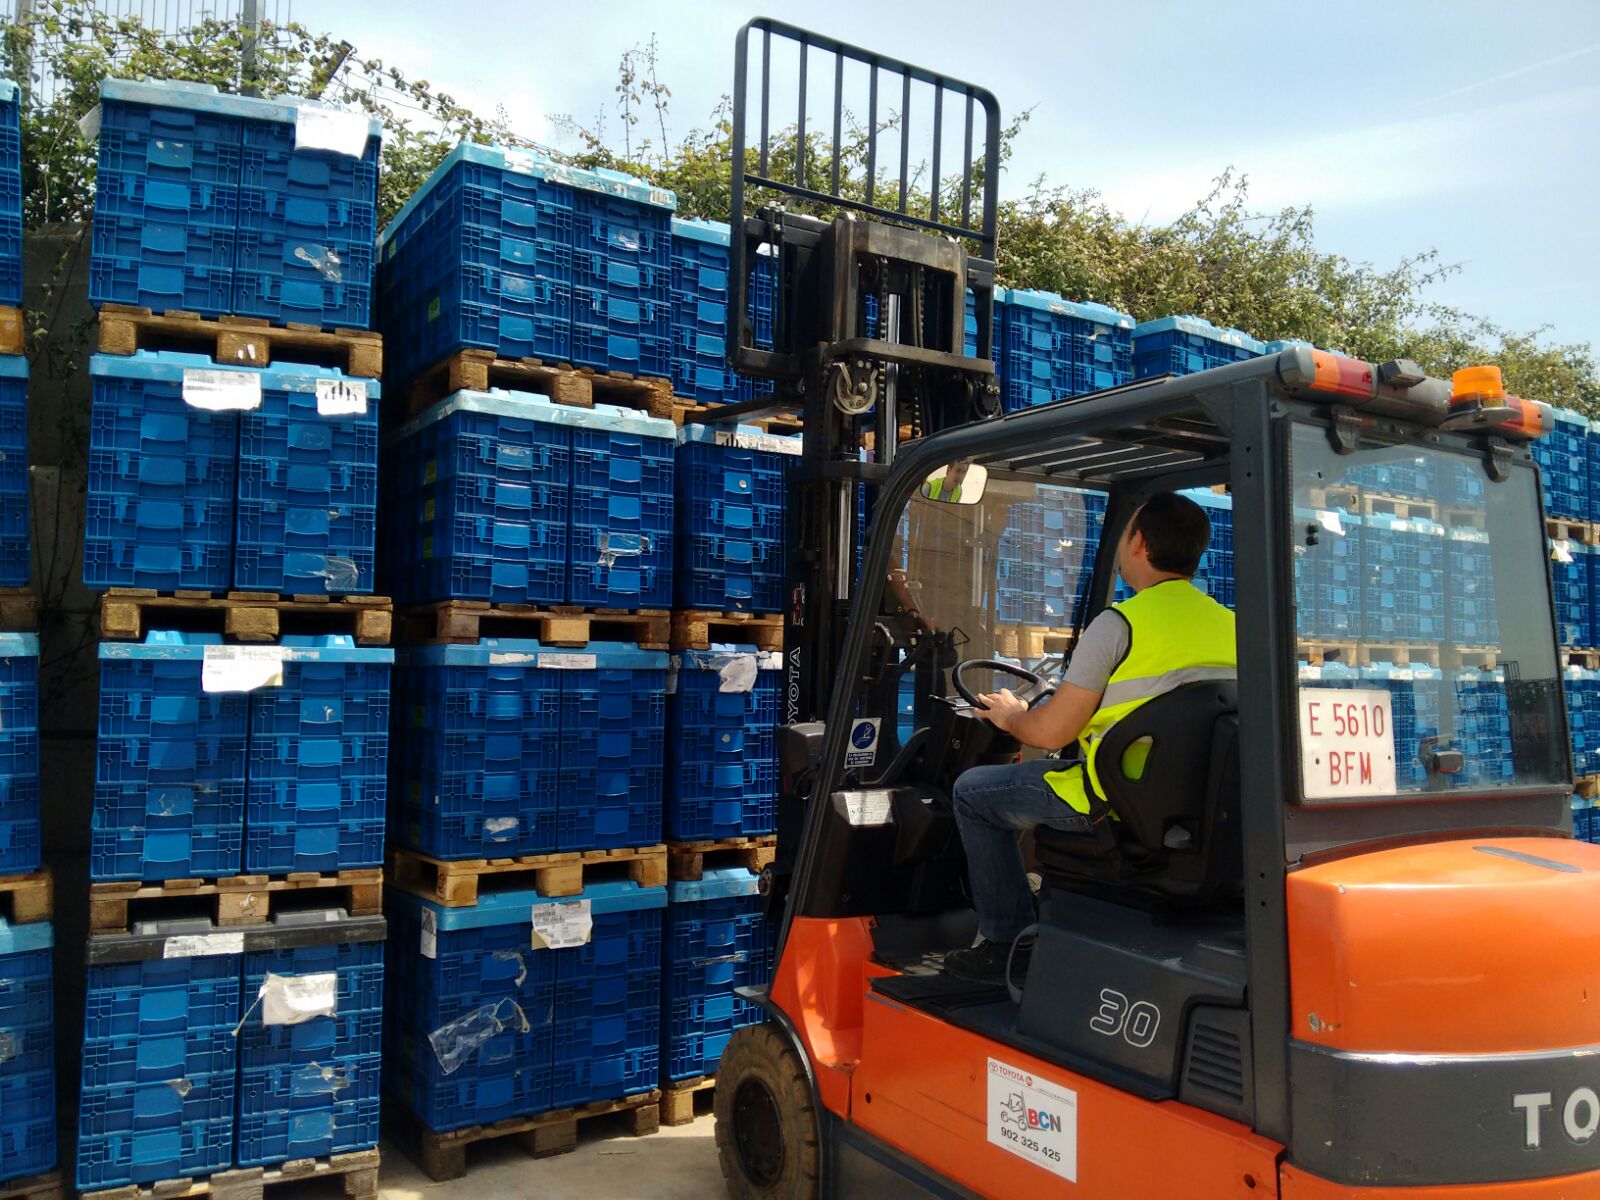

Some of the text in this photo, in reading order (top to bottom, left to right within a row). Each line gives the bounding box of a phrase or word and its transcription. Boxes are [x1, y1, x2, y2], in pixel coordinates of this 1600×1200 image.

[1308, 702, 1384, 737] E 5610
[1329, 751, 1372, 785] BFM
[1089, 988, 1161, 1048] 30
[999, 1064, 1025, 1082] TOYOTA
[1027, 1108, 1062, 1133] BCN
[1512, 1087, 1600, 1147] TO
[1001, 1126, 1019, 1143] 902
[1020, 1135, 1039, 1152] 325
[1041, 1146, 1061, 1162] 425

» **Exercise directions**
Each record above is to be returned unchanged, while any picture it holds stays out.

» **Exercise solution**
Some of the text in this photo, in reading order (top to bottom, left to right within a row). Each line gives the bounding box of a phrase or word and its transcription. Boxes are [x1, y1, x2, y2], in pixel coordinates of this 1600×1200 image.

[1308, 702, 1384, 737] E 5610
[1329, 751, 1372, 785] BFM
[1089, 988, 1161, 1048] 30
[999, 1064, 1025, 1082] TOYOTA
[1027, 1108, 1062, 1133] BCN
[1512, 1087, 1600, 1147] TO
[1001, 1126, 1019, 1143] 902
[1020, 1135, 1039, 1152] 325
[1041, 1146, 1061, 1162] 425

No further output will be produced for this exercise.